== Dataset records

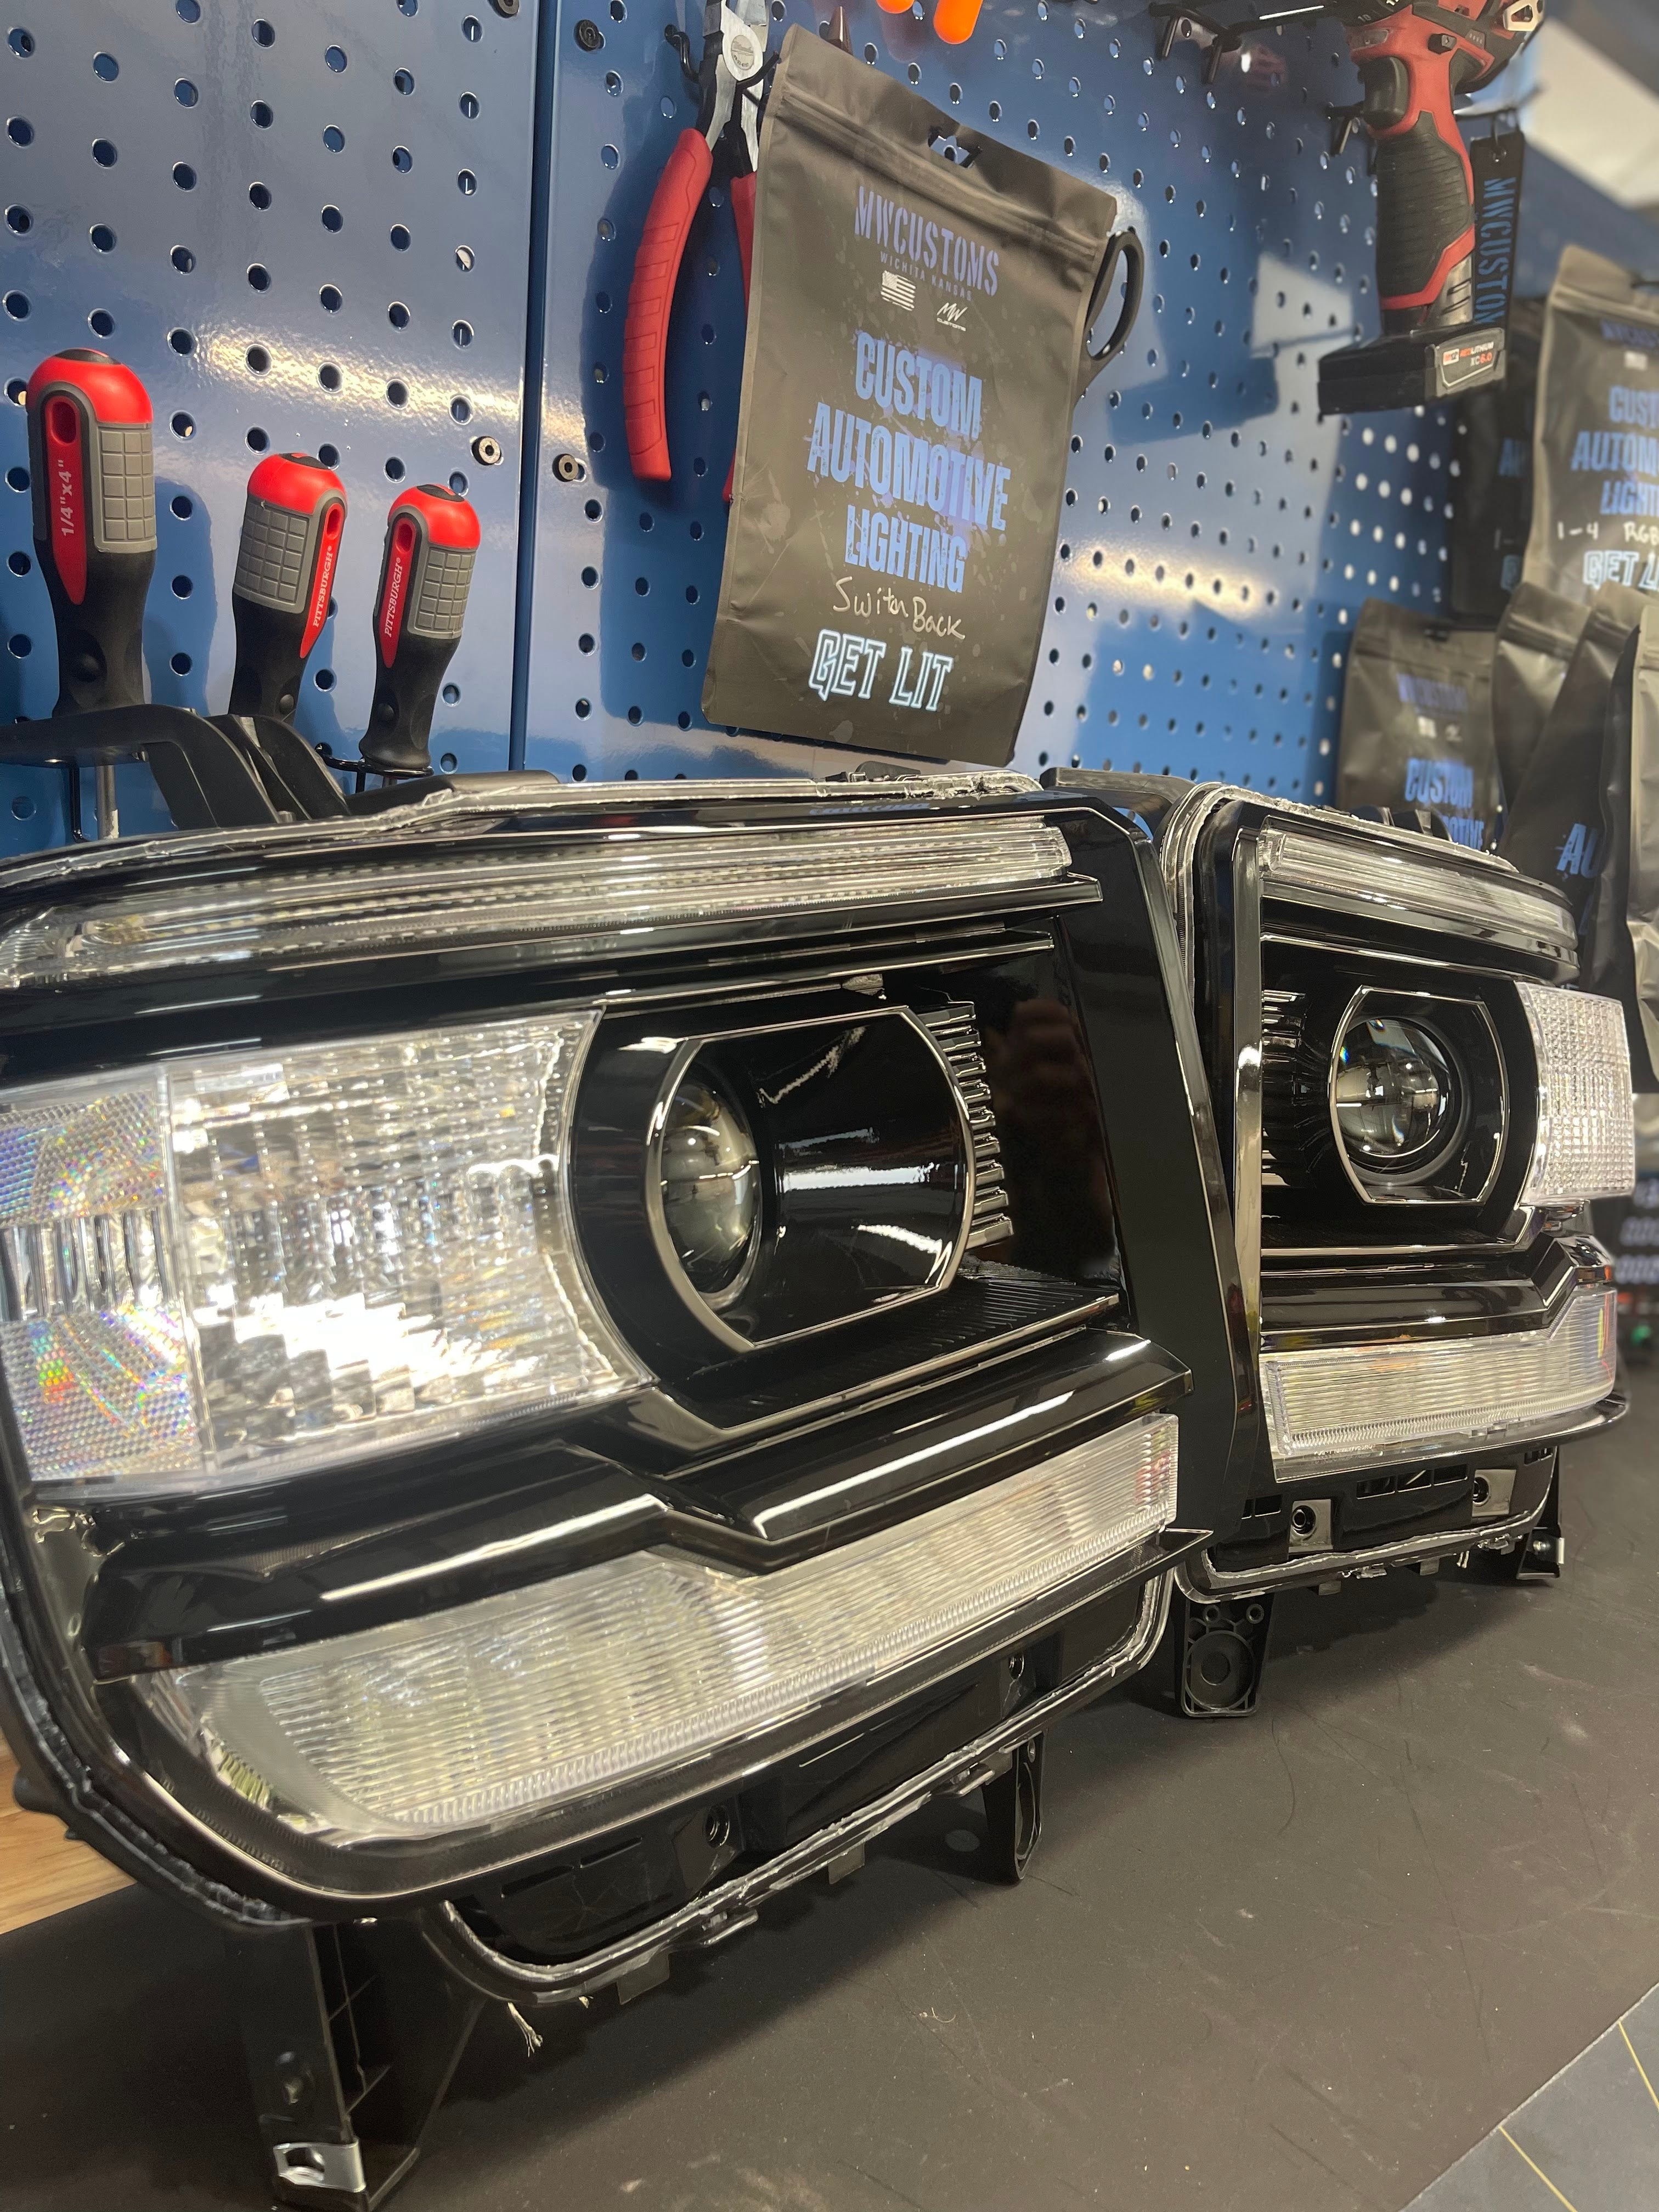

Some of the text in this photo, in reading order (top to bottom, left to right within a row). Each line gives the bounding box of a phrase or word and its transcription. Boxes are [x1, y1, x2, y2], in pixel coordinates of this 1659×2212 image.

[854, 185, 1000, 297] MWCUSTOMS
[881, 251, 972, 301] WICHITA KANSAS
[855, 332, 983, 441] CUSTOM
[807, 402, 1011, 531] AUTOMOTIVE
[844, 505, 968, 593] LIGHTING
[1582, 550, 1640, 590] GET
[912, 596, 966, 640] Back
[808, 629, 954, 712] GET LIT
[1405, 758, 1474, 809] CUSTOM

====

Although the records include pictures, the copy should reproduce every line exactly and none of the pictures.

Some of the text in this photo, in reading order (top to bottom, left to right within a row). Each line gives the bounding box of a phrase or word and its transcription. Boxes are [x1, y1, x2, y2], in pixel coordinates of this 1659×2212 image.

[854, 185, 1000, 297] MWCUSTOMS
[881, 251, 972, 301] WICHITA KANSAS
[855, 332, 983, 441] CUSTOM
[807, 402, 1011, 531] AUTOMOTIVE
[844, 505, 968, 593] LIGHTING
[1582, 550, 1640, 590] GET
[912, 596, 966, 640] Back
[808, 629, 954, 712] GET LIT
[1405, 758, 1474, 809] CUSTOM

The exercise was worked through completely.